Extracellular Amyloid-beta and Cytotoxic Glial Activation Induce Significant Entorhinal Neuron Loss in Young PS1(M146L)/APP(751SL) Mice

Here we demonstrated that extracellular, not intracellular, amyloid-beta (A beta) and the associated cytotoxic glial neuroinflammatory response are major contributors to early neuronal loss in a PS1xAPP model. A significant loss of principal (27%) and SOM/NPY (56-46%) neurons was found in the entorhinal cortex at 6 months of age. Loss of principal cells occurred selectively in deep layers (primarily layer V) whereas SOM/NPY cell loss was evenly distributed along the cortical column.

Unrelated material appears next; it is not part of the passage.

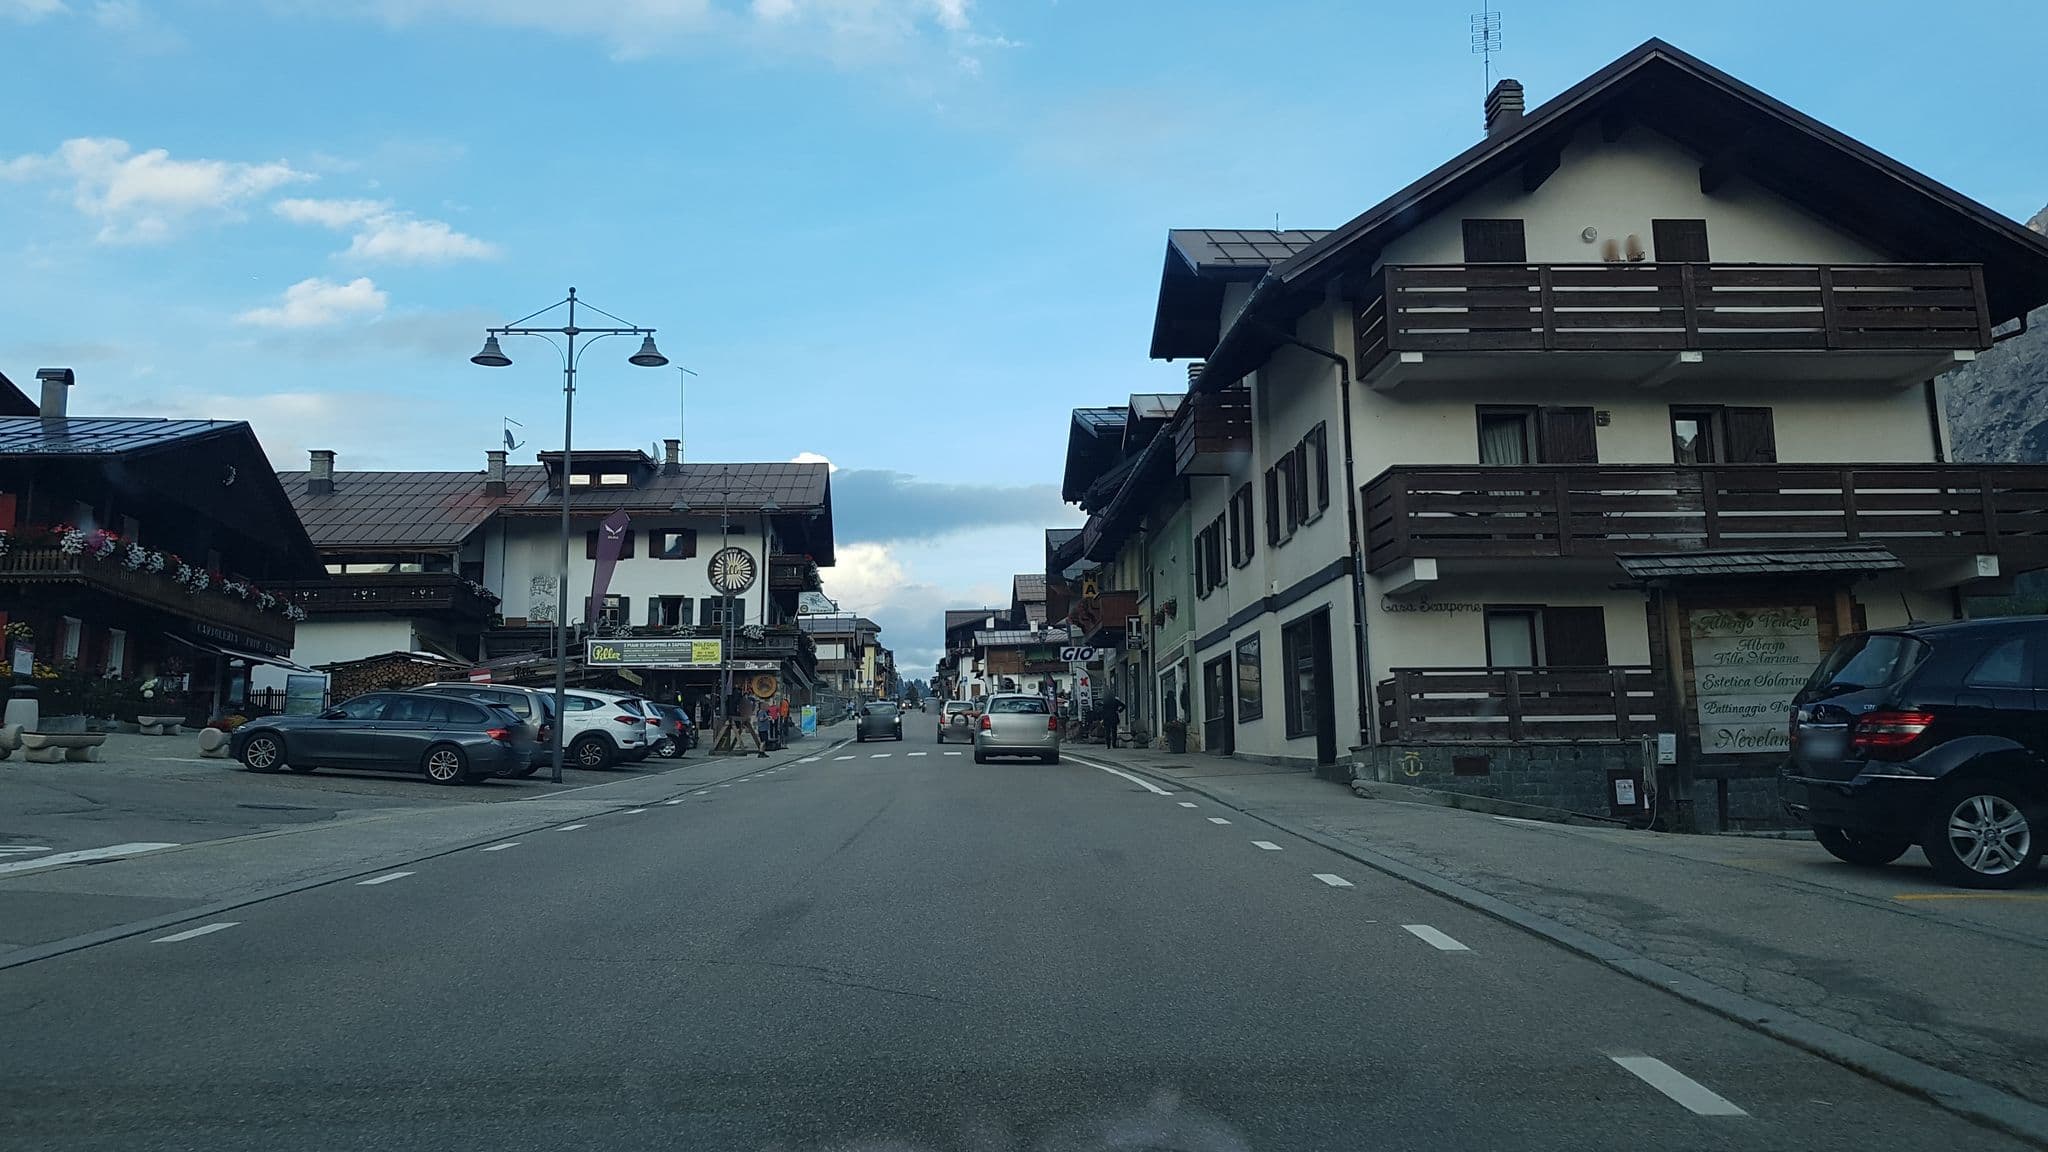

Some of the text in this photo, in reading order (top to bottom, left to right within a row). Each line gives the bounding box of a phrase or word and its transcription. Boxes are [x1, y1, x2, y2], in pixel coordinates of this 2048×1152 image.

Neither layer V pyramidal neurons nor SOM/NPY interneurons displayed intracellular A beta immunoreactivity, even after formic acid retrieval; thus, extracellular factors should be preferentially implicated in this selective neurodegeneration. Amyloid deposits were mainly concentrated in deep layers at 4-6 months, and of relevance was the existence of a potentially cytotoxic inflammatory response (TNF alpha, TRAIL, and iNOS mRNAs were upregulated). Moreover, non-plaque associated activated microglial cells and reactive astrocytes expressed TNF alpha and iNOS, respectively. At this age, in the hippocampus of same animals, extracellular A beta induced a non-cytotoxic glial activation. The opposite glial activation, at the same chronological age, in entorhinal cortex and hippocampus strongly support different mechanisms of disease progression in these two regions highly affected by A beta pathology.